En Uria, de priester, deed naar alles, wat de koning Achaz geboden had.
17 И обломал царь Ахаз ободки у подстав, и снял с них умывальницы, и море снял с медных волов, которые были под ним, и поставил его на каменный пол.
En de koning Achaz sneed de lijsten der stellingen af, en nam die van boven het wasvat weg, en deed de zee af van de koperen runderen, die daaronder waren; en hij zette die op een stenen vloer.
18 И отменил крытый субботний ход, который построили при храме, и внешний царский вход к дому Господню, ради царя Ассирийского.
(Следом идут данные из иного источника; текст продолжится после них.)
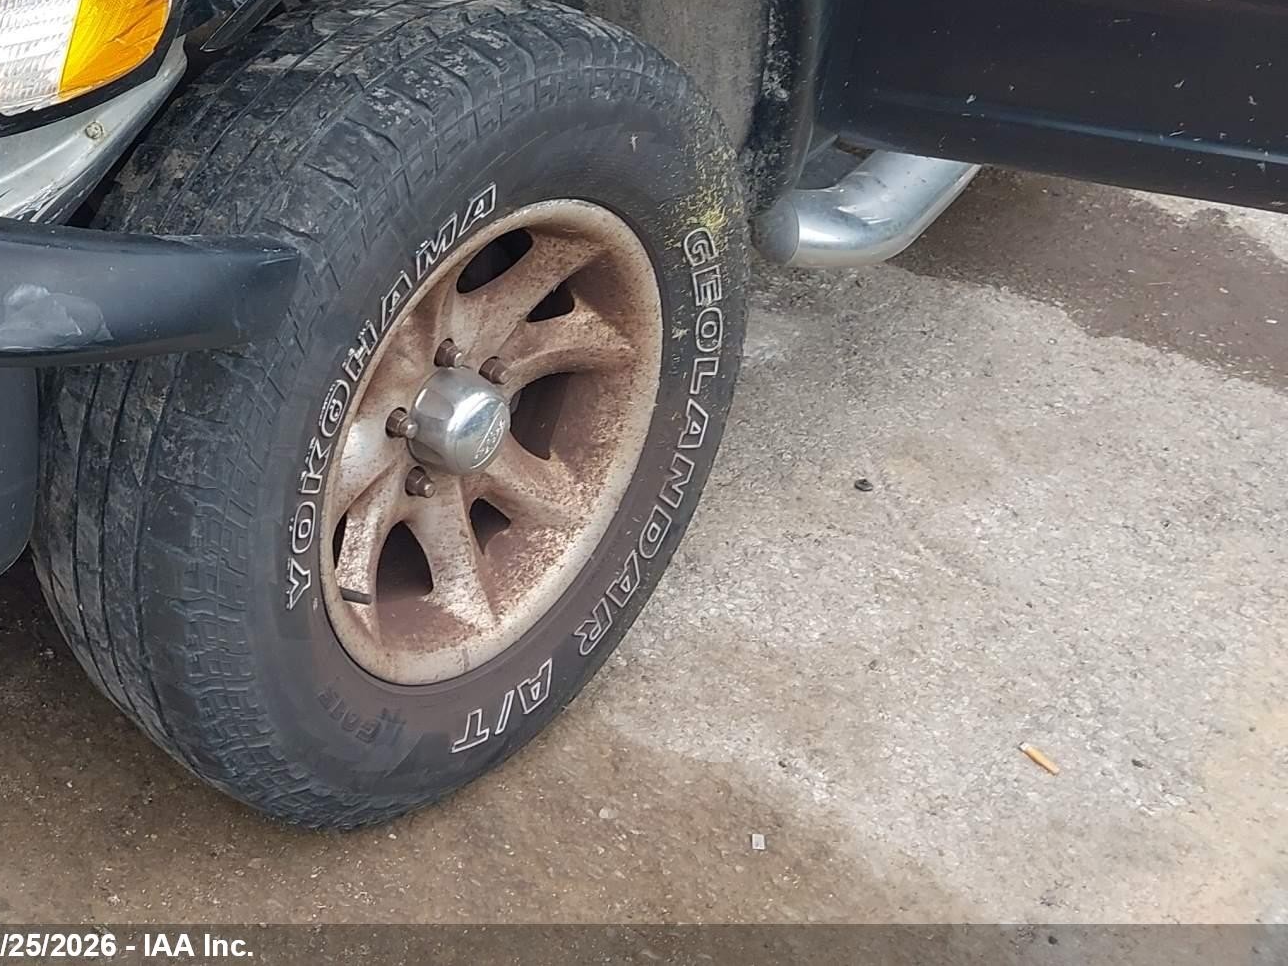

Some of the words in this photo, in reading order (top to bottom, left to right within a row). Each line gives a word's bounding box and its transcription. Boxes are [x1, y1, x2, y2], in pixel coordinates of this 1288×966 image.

[285, 182, 497, 611] YOKOHAMA
[574, 226, 724, 657] GEOLANDAR
[450, 657, 553, 753] A/T
Daartoe het deksel des sabbats, dat zij in het huis gebouwd hadden, en den buitensten ingang des konings nam hij weg van het huis des HEEREN, vanwege den koning van Assyrie.
19 Прочее об Ахазе, что он сделал, написано в летописи царей Иудейских.
Het overige nu der geschiedenissen van Achaz, wat hij gedaan heeft, is dat niet geschreven in het boek der kronieken der koningen van Juda?
20 И почил Ахаз с отцами своими, и погребен с отцами своими в городе Давидовом. И воцарился Езекия, сын его, вместо него.
En Achaz ontsliep met zijn vaderen, en werd begraven bij zijn vaderen, in de stad Davids; en Hizkia, zijn zoon, werd koning in zijn plaats.